Please print each record below exactly as it is written.

*** Excerpted data ***

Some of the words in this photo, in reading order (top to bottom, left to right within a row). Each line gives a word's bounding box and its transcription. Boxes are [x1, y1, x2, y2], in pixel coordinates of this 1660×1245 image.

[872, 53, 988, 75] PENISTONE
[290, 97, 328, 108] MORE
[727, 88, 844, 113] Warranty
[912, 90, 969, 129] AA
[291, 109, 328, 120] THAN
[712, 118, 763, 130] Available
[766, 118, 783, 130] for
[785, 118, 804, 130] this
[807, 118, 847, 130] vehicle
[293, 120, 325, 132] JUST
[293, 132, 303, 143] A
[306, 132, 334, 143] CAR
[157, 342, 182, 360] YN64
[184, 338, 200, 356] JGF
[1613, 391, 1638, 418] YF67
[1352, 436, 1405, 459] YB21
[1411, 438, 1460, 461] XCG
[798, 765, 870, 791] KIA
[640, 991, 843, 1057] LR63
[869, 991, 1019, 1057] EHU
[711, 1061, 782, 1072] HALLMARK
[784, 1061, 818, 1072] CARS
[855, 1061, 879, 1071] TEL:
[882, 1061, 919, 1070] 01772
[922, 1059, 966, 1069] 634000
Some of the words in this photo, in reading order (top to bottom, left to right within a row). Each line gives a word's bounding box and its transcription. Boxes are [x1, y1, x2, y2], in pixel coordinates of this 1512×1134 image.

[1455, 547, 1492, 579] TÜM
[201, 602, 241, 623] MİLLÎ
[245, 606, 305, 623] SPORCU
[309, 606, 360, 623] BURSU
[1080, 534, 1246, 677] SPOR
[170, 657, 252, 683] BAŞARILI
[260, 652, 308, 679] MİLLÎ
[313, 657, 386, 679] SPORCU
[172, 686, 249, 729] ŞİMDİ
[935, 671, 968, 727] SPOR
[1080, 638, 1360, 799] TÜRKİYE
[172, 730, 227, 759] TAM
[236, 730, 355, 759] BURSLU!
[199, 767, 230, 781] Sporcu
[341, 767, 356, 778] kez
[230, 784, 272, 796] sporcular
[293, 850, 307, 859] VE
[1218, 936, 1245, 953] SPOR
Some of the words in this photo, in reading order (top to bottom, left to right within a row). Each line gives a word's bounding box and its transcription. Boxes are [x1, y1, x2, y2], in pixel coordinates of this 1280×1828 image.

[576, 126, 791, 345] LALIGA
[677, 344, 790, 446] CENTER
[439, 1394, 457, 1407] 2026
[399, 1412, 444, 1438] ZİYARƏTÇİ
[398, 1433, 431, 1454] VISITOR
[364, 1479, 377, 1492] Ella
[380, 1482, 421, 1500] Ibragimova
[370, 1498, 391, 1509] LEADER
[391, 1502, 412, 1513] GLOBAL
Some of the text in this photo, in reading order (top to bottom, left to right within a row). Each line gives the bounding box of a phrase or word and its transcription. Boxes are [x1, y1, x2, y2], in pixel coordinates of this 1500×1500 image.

***

__Completed task__.
Some of the words in this photo, in reading order (top to bottom, left to right within a row). Each line gives a word's bounding box and its transcription. Boxes are [x1, y1, x2, y2], in pixel coordinates of this 1660×1245 image.

[872, 53, 988, 75] PENISTONE
[290, 97, 328, 108] MORE
[727, 88, 844, 113] Warranty
[912, 90, 969, 129] AA
[291, 109, 328, 120] THAN
[712, 118, 763, 130] Available
[766, 118, 783, 130] for
[785, 118, 804, 130] this
[807, 118, 847, 130] vehicle
[293, 120, 325, 132] JUST
[293, 132, 303, 143] A
[306, 132, 334, 143] CAR
[157, 342, 182, 360] YN64
[184, 338, 200, 356] JGF
[1613, 391, 1638, 418] YF67
[1352, 436, 1405, 459] YB21
[1411, 438, 1460, 461] XCG
[798, 765, 870, 791] KIA
[640, 991, 843, 1057] LR63
[869, 991, 1019, 1057] EHU
[711, 1061, 782, 1072] HALLMARK
[784, 1061, 818, 1072] CARS
[855, 1061, 879, 1071] TEL:
[882, 1061, 919, 1070] 01772
[922, 1059, 966, 1069] 634000
Some of the words in this photo, in reading order (top to bottom, left to right within a row). Each line gives a word's bounding box and its transcription. Boxes are [x1, y1, x2, y2], in pixel coordinates of this 1512×1134 image.

[1455, 547, 1492, 579] TÜM
[201, 602, 241, 623] MİLLÎ
[245, 606, 305, 623] SPORCU
[309, 606, 360, 623] BURSU
[1080, 534, 1246, 677] SPOR
[170, 657, 252, 683] BAŞARILI
[260, 652, 308, 679] MİLLÎ
[313, 657, 386, 679] SPORCU
[172, 686, 249, 729] ŞİMDİ
[935, 671, 968, 727] SPOR
[1080, 638, 1360, 799] TÜRKİYE
[172, 730, 227, 759] TAM
[236, 730, 355, 759] BURSLU!
[199, 767, 230, 781] Sporcu
[341, 767, 356, 778] kez
[230, 784, 272, 796] sporcular
[293, 850, 307, 859] VE
[1218, 936, 1245, 953] SPOR
Some of the words in this photo, in reading order (top to bottom, left to right within a row). Each line gives a word's bounding box and its transcription. Boxes are [x1, y1, x2, y2], in pixel coordinates of this 1280×1828 image.

[576, 126, 791, 345] LALIGA
[677, 344, 790, 446] CENTER
[439, 1394, 457, 1407] 2026
[399, 1412, 444, 1438] ZİYARƏTÇİ
[398, 1433, 431, 1454] VISITOR
[364, 1479, 377, 1492] Ella
[380, 1482, 421, 1500] Ibragimova
[370, 1498, 391, 1509] LEADER
[391, 1502, 412, 1513] GLOBAL
Some of the text in this photo, in reading order (top to bottom, left to right within a row). Each line gives the bounding box of a phrase or word and its transcription. Boxes are [x1, y1, x2, y2], in pixel coordinates of this 1500×1500 image.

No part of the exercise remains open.